Keep Our NHS Public Fact Sheet: The Comprehensive Economic and Trade Agreement (CETA)

August 2018

What is CETA?

CETA (the Comprehensive and Economic Trade Agreement) is a trade deal between the European Union (EU) and Canada that covers goods and services. Supporters of CETA say it will bring significant economic benefit. But even official estimates suggest that it will bring little more than a growth of 0.01% in the EU’s GDP, while independent research indicates CETA will bring job losses, wage compression and loss of government revenue.[1]

CETA will

  • Reduce 98% of tariffs on trade;
  • ‘Harmonise’ EU and Canadian regulations, such as those governing health and safety or labour rights, often reducing regulations to the lowest common denominator, generally to the benefit of multinational corporations;
  • Give multinational corporations a significant voice at an international Regulatory Council to influence and lock in new regulations;
  • Open up public services to transnational investors and make privatisation irreversible.

CETA may also allow corporations to use off-shore courts and an investment protection measure (Investment Court System or ICS) to sue governments that introduce legislation that could threaten company profits. (There is a chance that ICS may prove to be incompatible with EU law and if not, may only come into force if agreed by all EU member states’ parliaments).

What’s the relationship between CETA and other trade & investment agreements?

CETA is very similar to the Transatlantic Trade and Investment Partnership (TTIP) between the EU and US that is currently on hold, if not dead.
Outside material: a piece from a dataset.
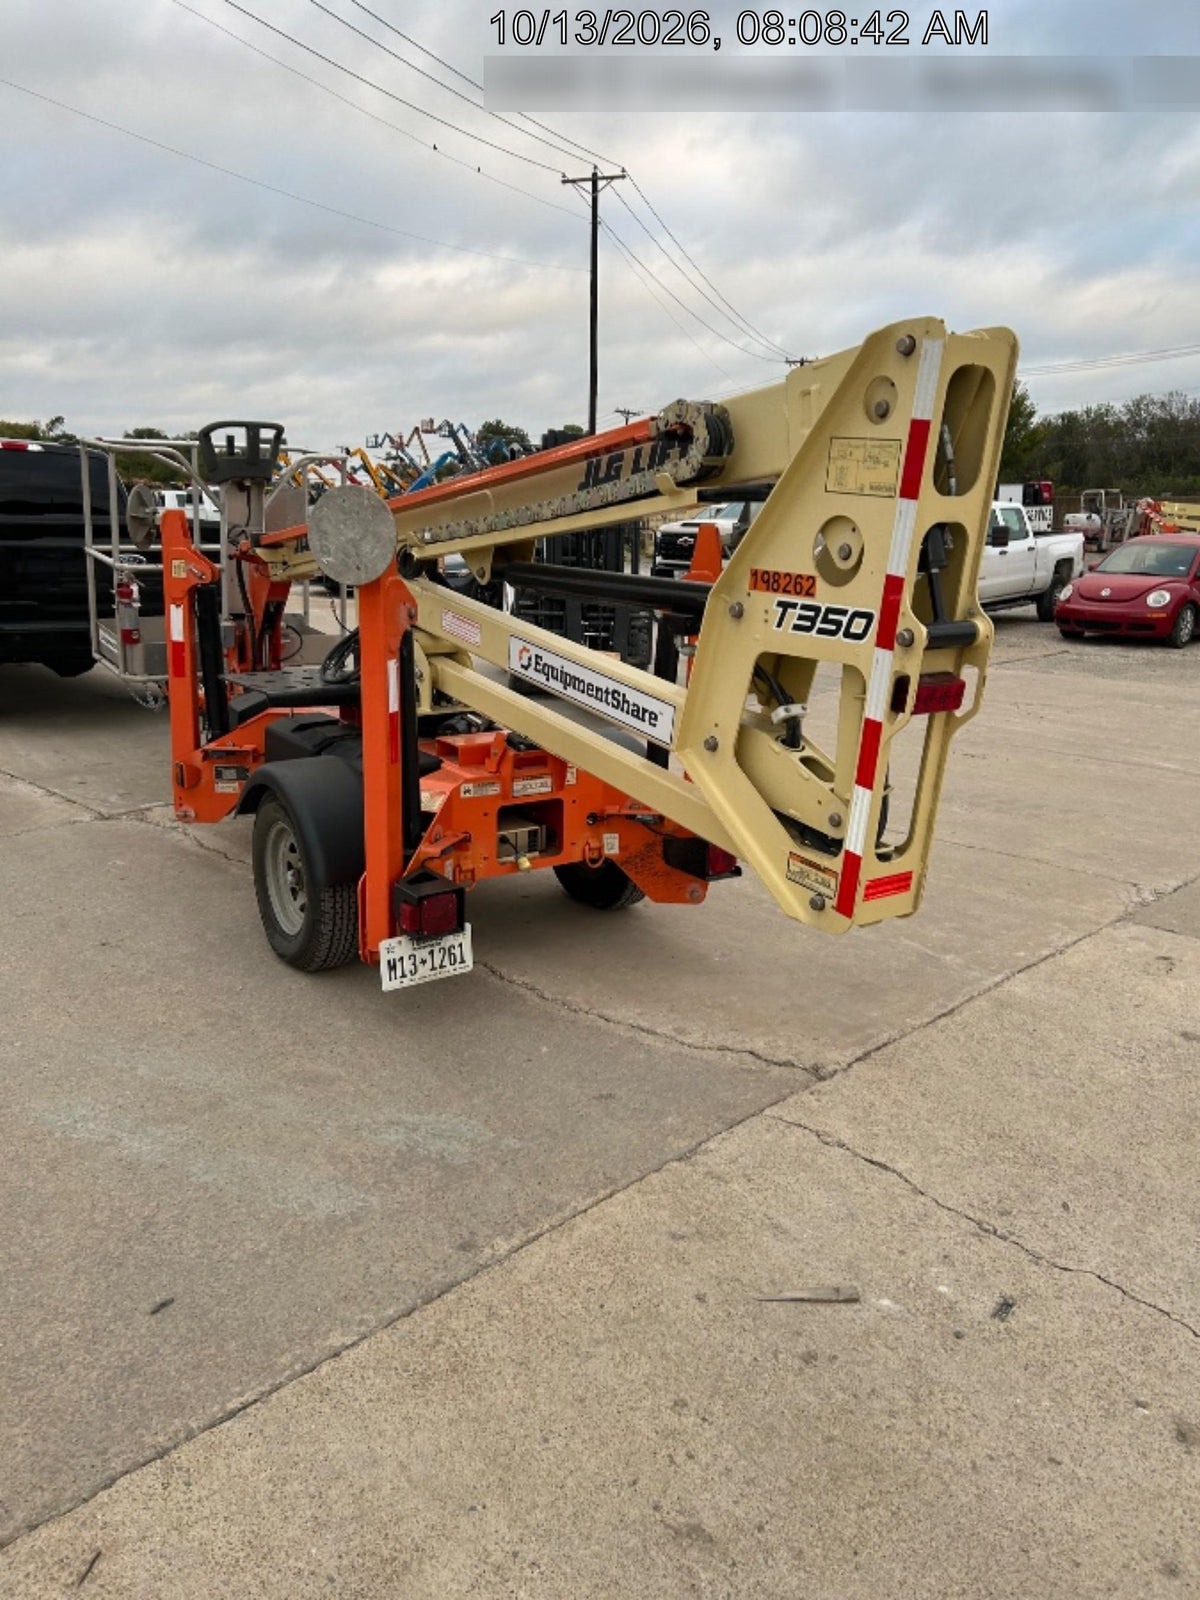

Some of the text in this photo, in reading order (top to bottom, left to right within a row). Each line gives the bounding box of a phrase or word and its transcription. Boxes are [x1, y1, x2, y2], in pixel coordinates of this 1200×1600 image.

[750, 568, 817, 598] 198262
[774, 599, 876, 642] T350
[533, 653, 660, 728] EquipmentShare
Because of strong links between the US and Canada (with, e.g. most US multinationals having subsidiaries in Canada), CETA will allow many aspects of TTIP to sneak in through the back door.

What does CETA mean for the NHS?

Although the UK government says that the NHS is not included in trade deals like CETA, there are real concerns that our health services are not adequately protected. NHS services are only exempt from deals like CETA if they are only supplied by the public sector. However competitive tendering is currently mandatory for NHS services: during 2016-17, non-NHS firms won almost 70% of tendered contracts.[2]

CETA uses the ‘negative list’ approach – i.e. services are included in the agreement unless they have been explicitly excluded (the NHS has not). CETA won’t just ‘liberalise’ or open up the NHS to transnational companies wanting NHS contracts. It also contains ‘standstill’ and ‘ratchet’ mechanisms making NHS privatisation permanent.

CETA means that, in the UK, Canadian companies (or companies with Canadian subsidiaries) have to be treated on equal terms as domestic companies. So CETA could restrict the UK government’s ability to give special support to local and not-for-profit UK providers. It could also lead to more NHS jobs being outsourced to private firms, with worse pay and conditions for the same work.[3]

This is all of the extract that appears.